[Stored entries]:
──────────
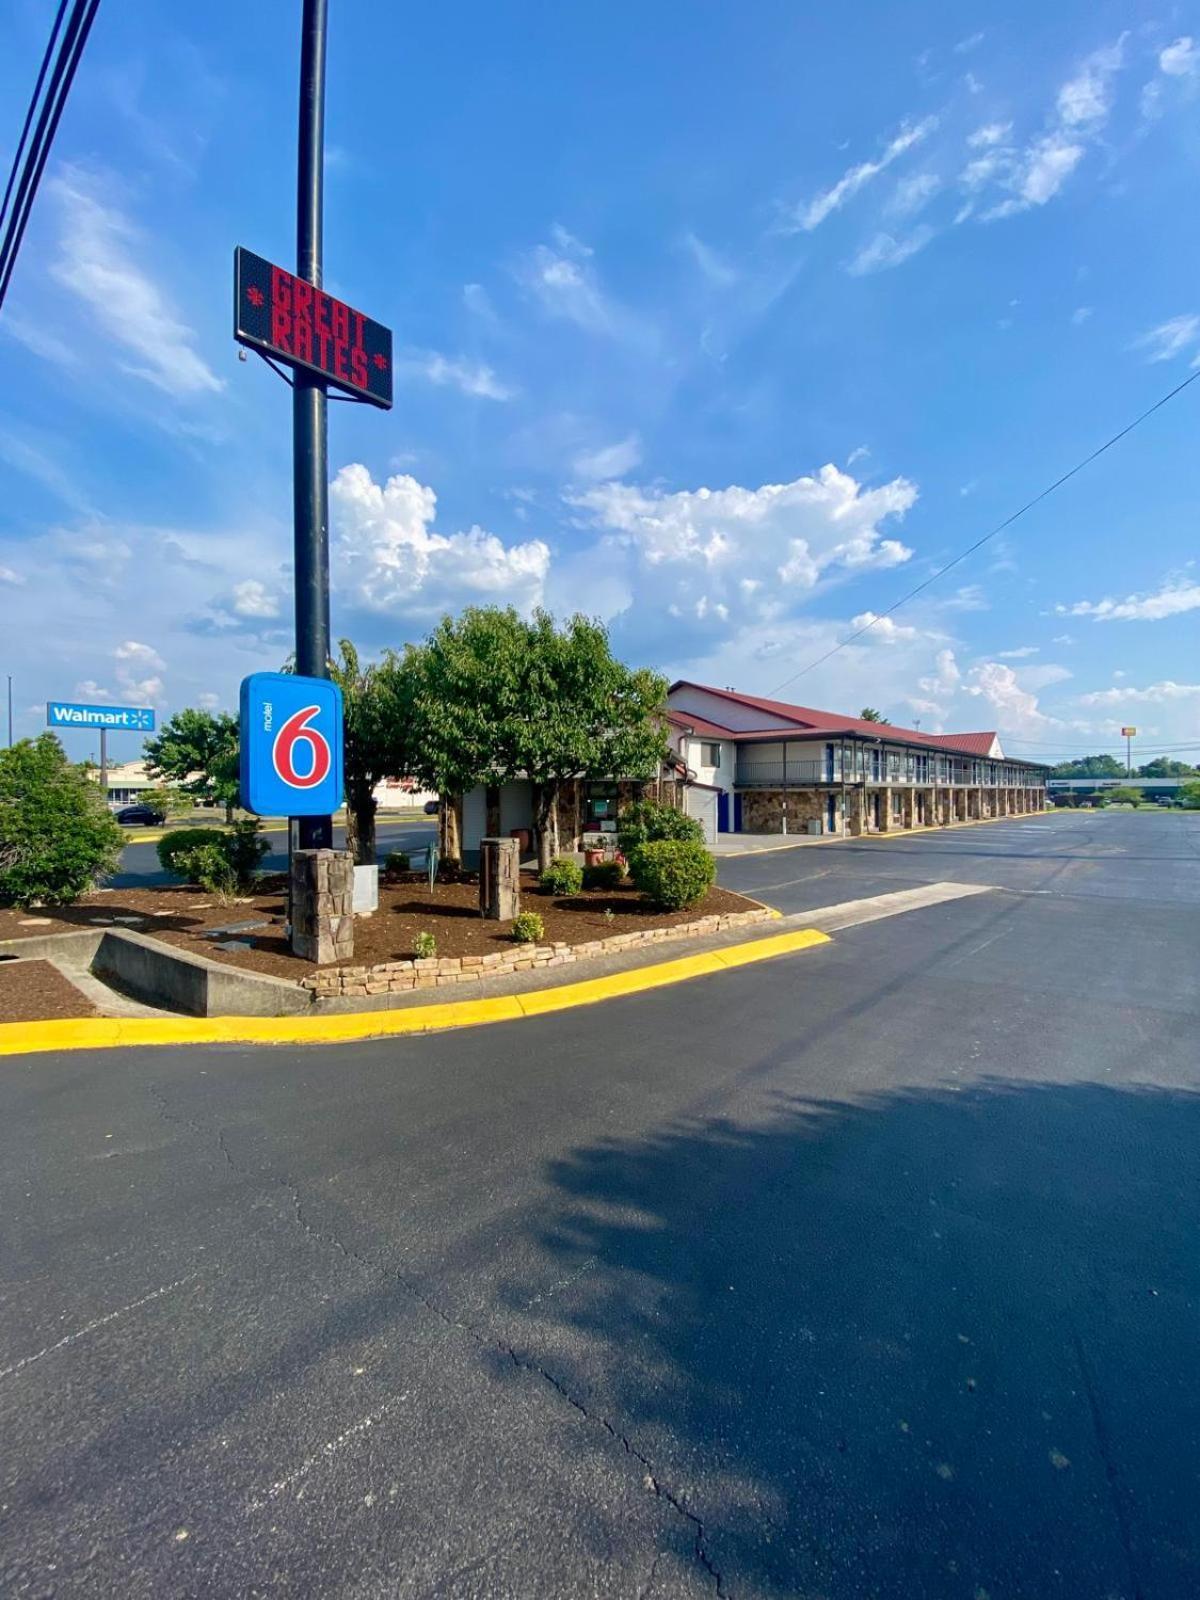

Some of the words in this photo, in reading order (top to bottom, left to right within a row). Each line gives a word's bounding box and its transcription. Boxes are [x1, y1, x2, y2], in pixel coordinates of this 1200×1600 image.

[272, 264, 367, 348] GREAT
[272, 305, 369, 390] RATES
[53, 707, 129, 725] Walmart
[262, 702, 273, 732] motel
[272, 704, 332, 789] 6
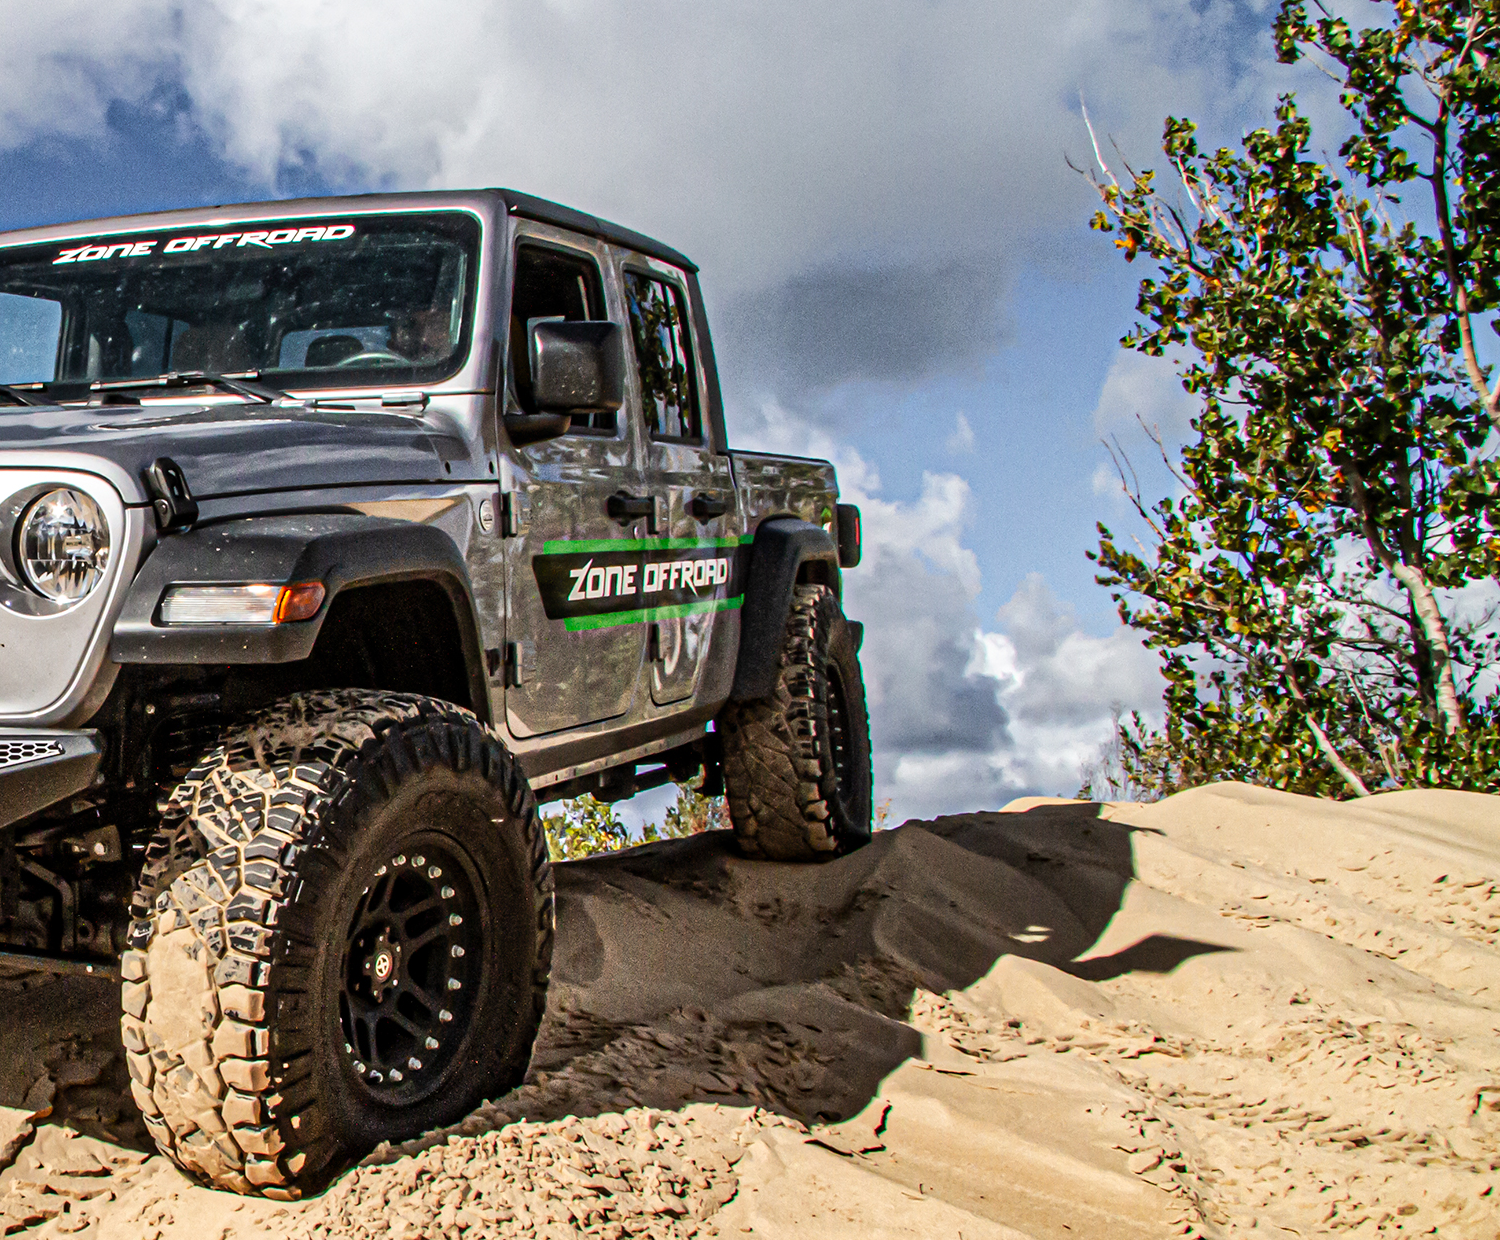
──────────
[EXERCISE INSTRUCTIONS]: Word for word, write out each of the records, but not the pictures.

[RESULT FOR THIS EXERCISE]:
Some of the words in this photo, in reading order (top to bottom, left to right within a row). Each line gives a word's bounding box and its transcription. Boxes are [x1, y1, x2, y2], in pixel coordinates of this 1200×1600 image.

[272, 264, 367, 348] GREAT
[272, 305, 369, 390] RATES
[53, 707, 129, 725] Walmart
[262, 702, 273, 732] motel
[272, 704, 332, 789] 6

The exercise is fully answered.